Temporary Solvency Funding Relief
The administrator of a pension plan that provides defined benefit pension benefits may elect to use one or more of the following options:
Option 1: A deferral of the start of the period to pay the required special payments to liquidate a new going concern unfunded liability or a new solvency deficiency, up to 12 months.
Option 2: A consolidation of payments remaining under past solvency amortization schedules into a new 5-year schedule.
Option 3: An extension of the 5-year period for liquidating a new solvency deficiency for up to an additional 5 years.
Plan administrators should bear in mind of the following in deciding whether to make an election and in determining which option(s) to be elected:
- The options are available to only those pension plans registered in Ontario or a designated jurisdiction prior to September 30, 2008 (with certain exceptions relating to continued, successor and merged plans) and only if they are up-to-date in making all contributions required under previous valuation reports.
- The options are not available to specified Ontario multi-employer pension plans and other prescribed pension plans. Not all options are available to jointly governed plans and the requirements applicable to them in electing options are different.
- An election can be made only once and only in respect of the first valuation report with a valuation date between September 30, 2008 and September 29, 2011, inclusive (a "solvency relief report").
- For all the options, the plan administrator is required to provide a one-time enhanced notice of election containing the prescribed information to each eligible member and each eligible former member (i.e., members and former members other than those who are no longer entitled to any payments from the plan or in respect of whom notices of death have been received by the administrator) and every collective bargaining agent that represents eligible members, within 60 days of the start of payments required to be made under the solvency relief report.
- For Option 3, in addition to the one-time enhanced notice of election, the administrator must satisfy the prescribed consent requirement (unless it is a jointly governed plan) and must provide an annual progress report containing the prescribed information to each eligible member, each former member and each collective bargaining agent representing the eligible members, within 6 months after the end of each plan fiscal year until the new solvency deficiency has been liquidated. To satisfy the consent requirement, the administrator is required to provide an information statement and a form of notice of objection to all eligible members not represented by a collective bargaining agent, all eligible former members and all collective bargaining agents representing eligible members. Consent is deemed to have been obtained if not more than one-third of the eligible members and eligible former members file notices of objection within 45 days after the mailing of the information statement. The notice of objection and the objection process must be designed in a way to ensure that the administrator cannot identify the persons filing the notices.

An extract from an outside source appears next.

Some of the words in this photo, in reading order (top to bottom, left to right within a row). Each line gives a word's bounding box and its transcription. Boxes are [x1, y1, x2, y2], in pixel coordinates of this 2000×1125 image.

- If Option 2 and/or Option 3 is elected and if the plan is amended to increase pension or ancillary benefits, any resulting increase in the going concern unfunded liability must be liquidated over a 5-year period.

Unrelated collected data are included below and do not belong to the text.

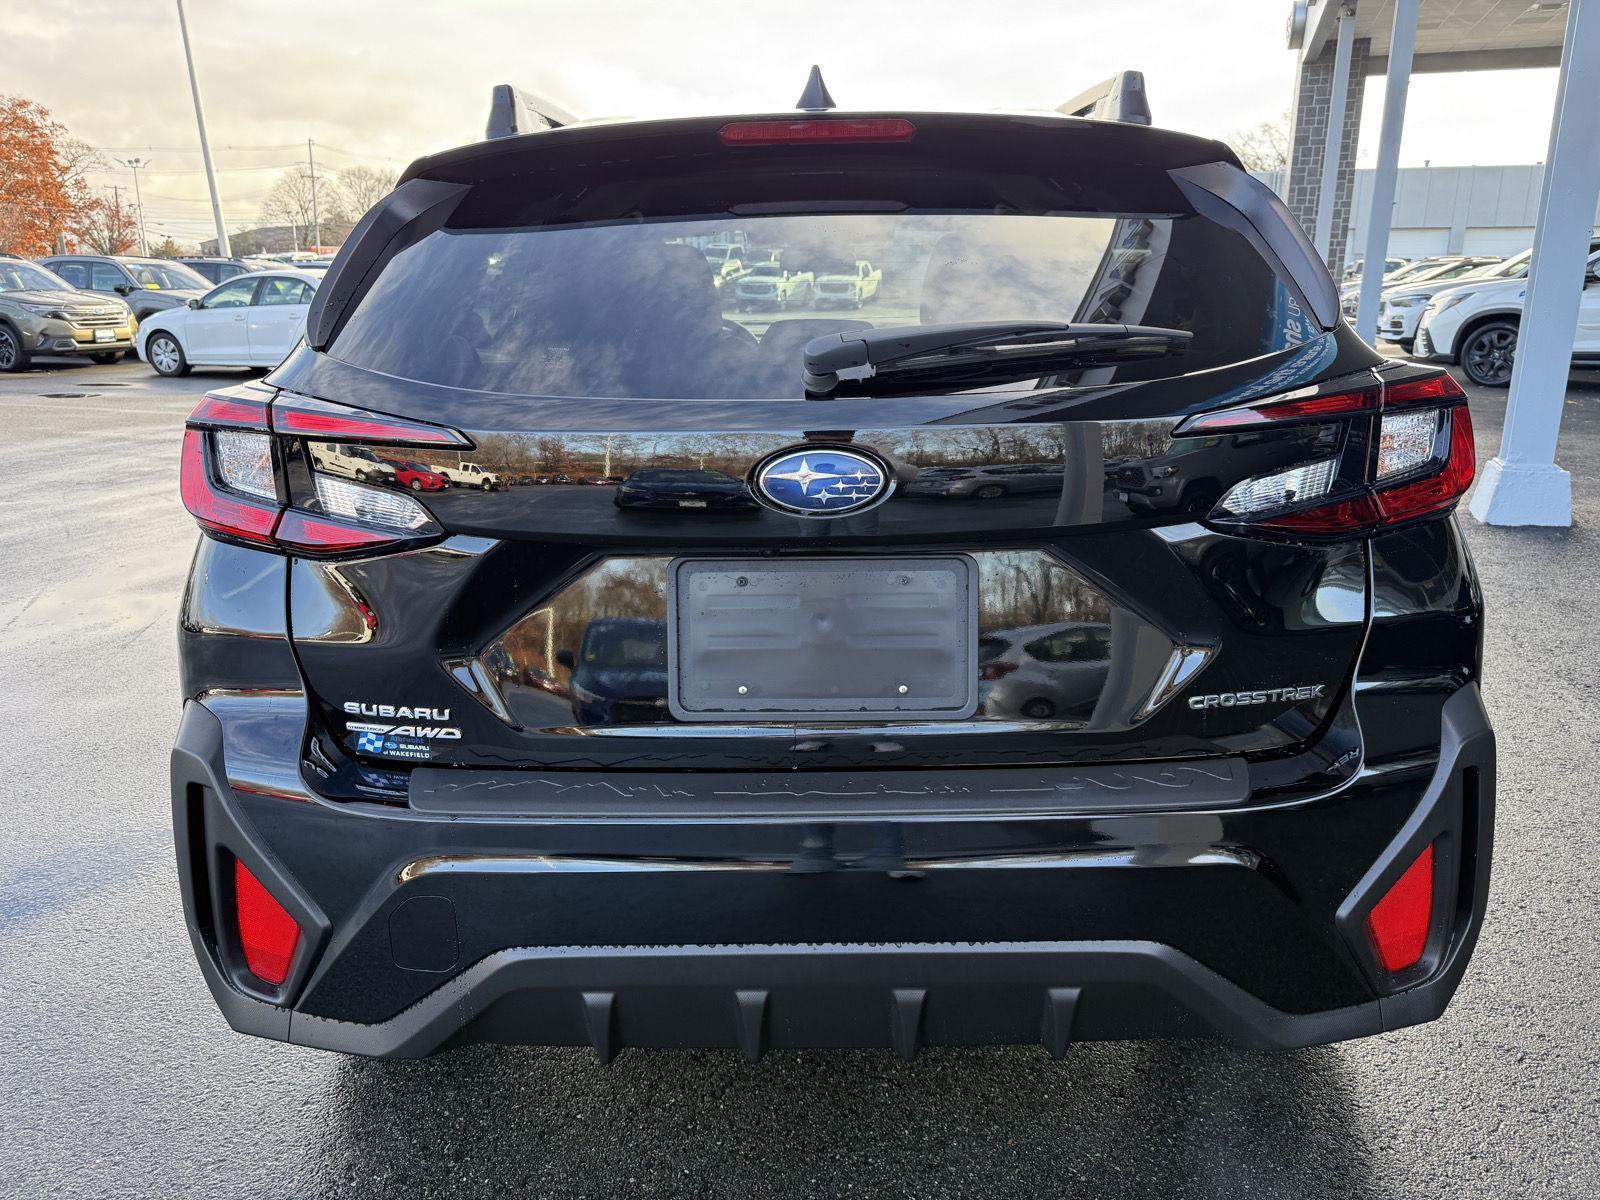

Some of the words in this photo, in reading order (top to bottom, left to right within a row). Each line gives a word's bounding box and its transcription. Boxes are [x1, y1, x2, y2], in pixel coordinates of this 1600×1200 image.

[1188, 685, 1326, 709] CROSSTREK
[343, 701, 450, 720] SUBARU
[389, 725, 462, 739] AWD
[399, 743, 430, 751] SUBARU
[390, 750, 430, 759] WAKEFIELD
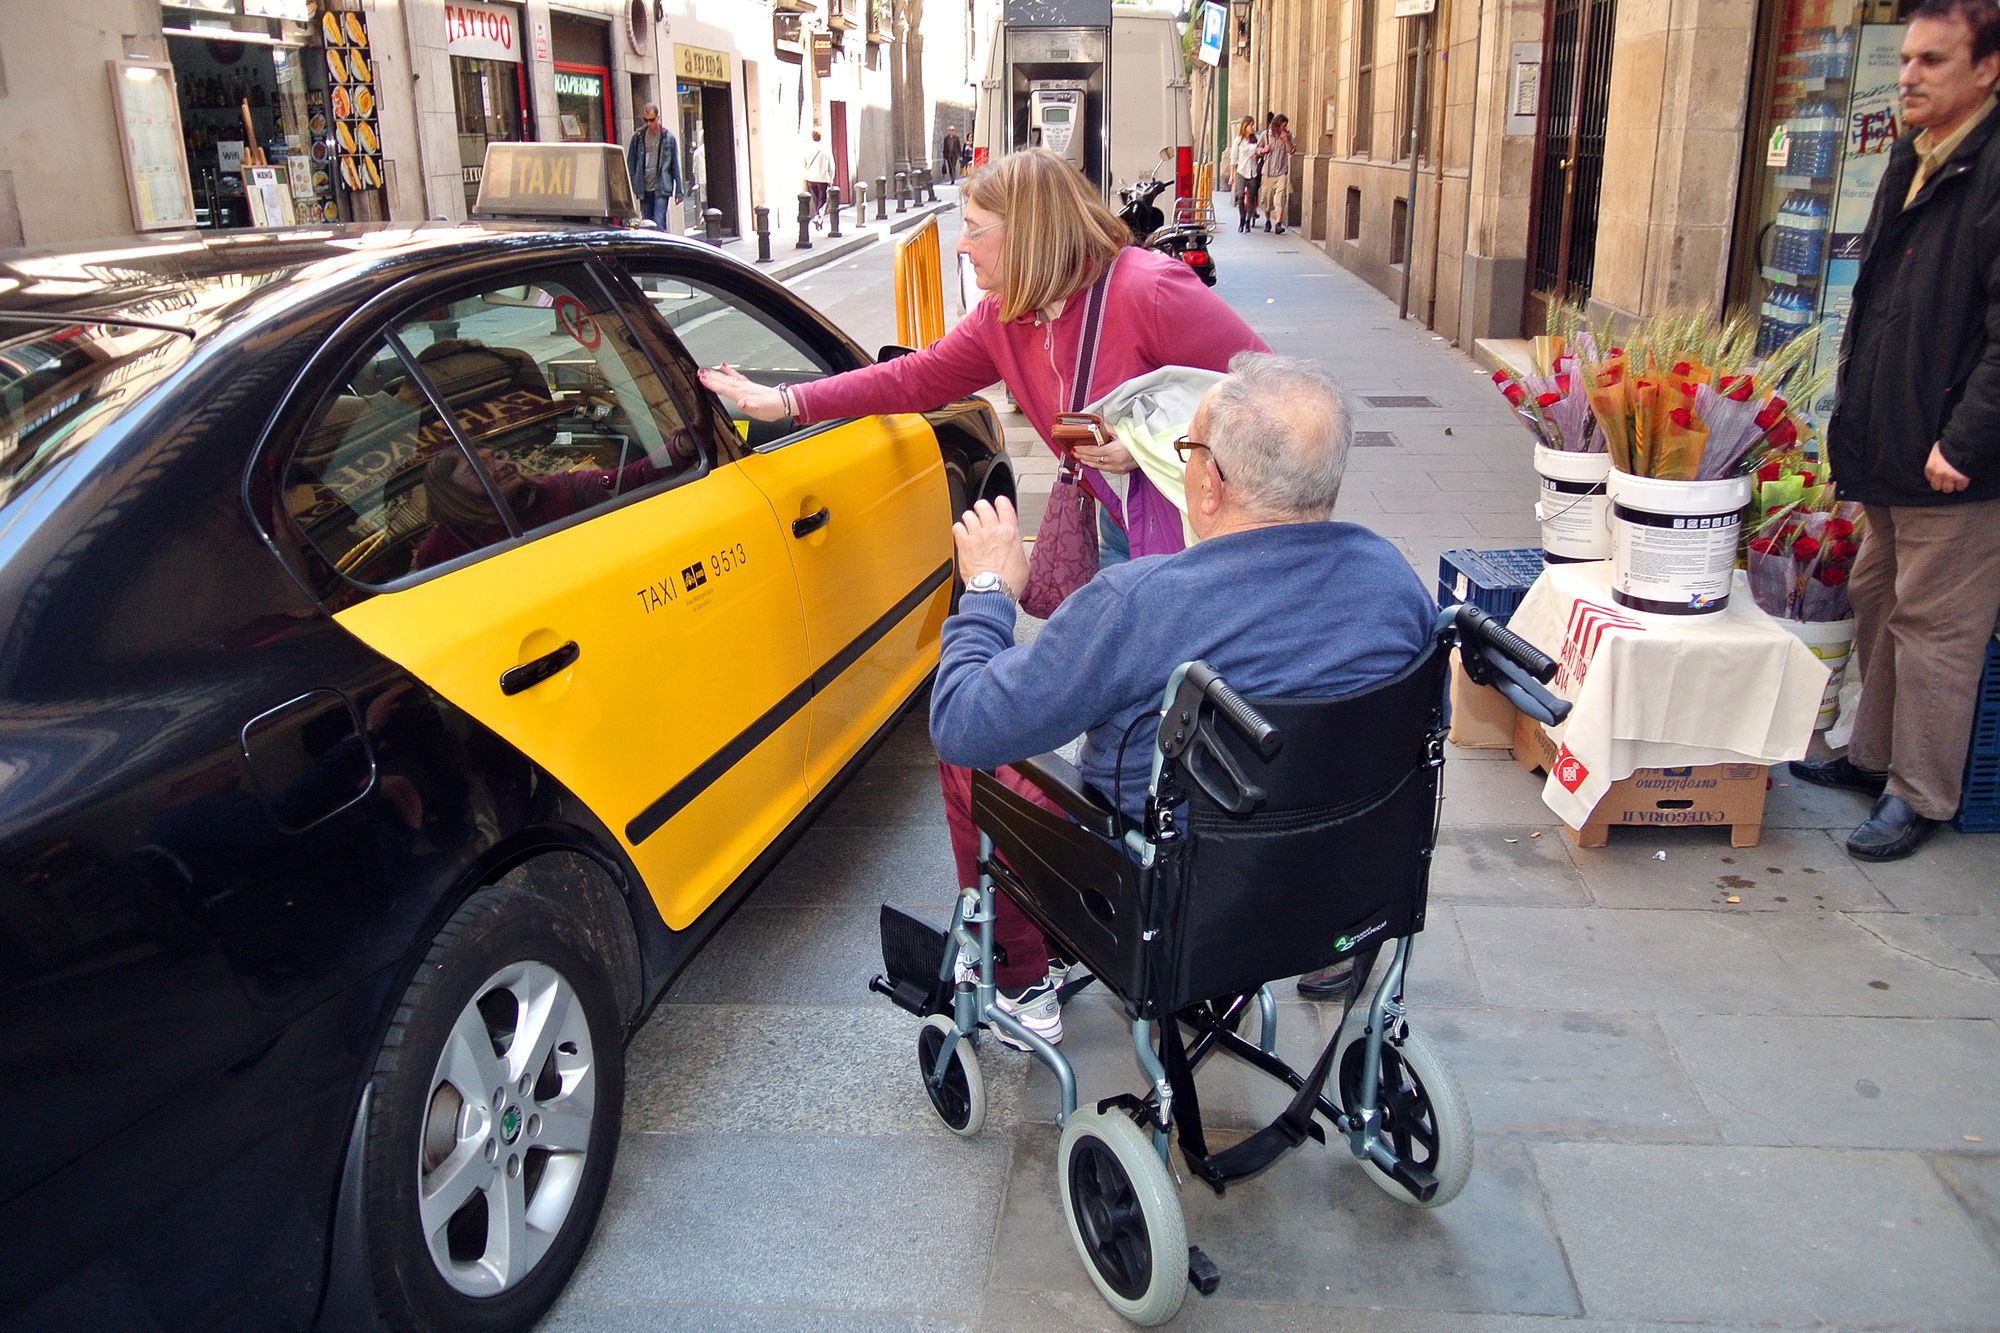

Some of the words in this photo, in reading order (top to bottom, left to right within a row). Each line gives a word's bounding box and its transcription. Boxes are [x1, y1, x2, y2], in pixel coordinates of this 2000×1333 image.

[445, 5, 511, 49] TATTOO
[221, 150, 241, 161] Wifi
[514, 156, 572, 195] TAXI
[637, 576, 678, 614] TAXI
[710, 543, 746, 577] 9513
[1640, 810, 1725, 823] CATEGORIA

Apart from the temporary solvency funding relief measures, the Regulation also introduces the following changes:
- Commuted Value. The revised CIA Standard of Practice for Pension Commuted Values, effective April 1, 2009, may be used for a solvency valuation with a valuation date on or after December 12, 2008.
- Contribution Holidays. For plan fiscal years ending between June 30, 2010 and December 31, 2012, contribution holidays are not permitted unless sufficient funding excess is demonstrated by an actuarial cost certificate containing the prescribed information filed with the Superintendent.
- Transfer Ratio. Prior approval of the Superintendent is required for the transfer of any part of the commuted value where the transfer ratio is less than one and the administrator knows or ought to know that, since the last valuation report, the transfer ratio has declined by 10% or more.
- Locked-In Accounts. Starting January 1, 2010, the owner of a life income fund (LIF) will have a one-time option to unlock up to 50% of the total market value of the assets of the fund in the form of cash withdrawal or transfer to a registered retirement savings plan (RRSP) or a registered retirement income fund (RRIF).
The content of this article is intended to provide a general guide to the subject matter. Specialist advice should be sought about your specific circumstances.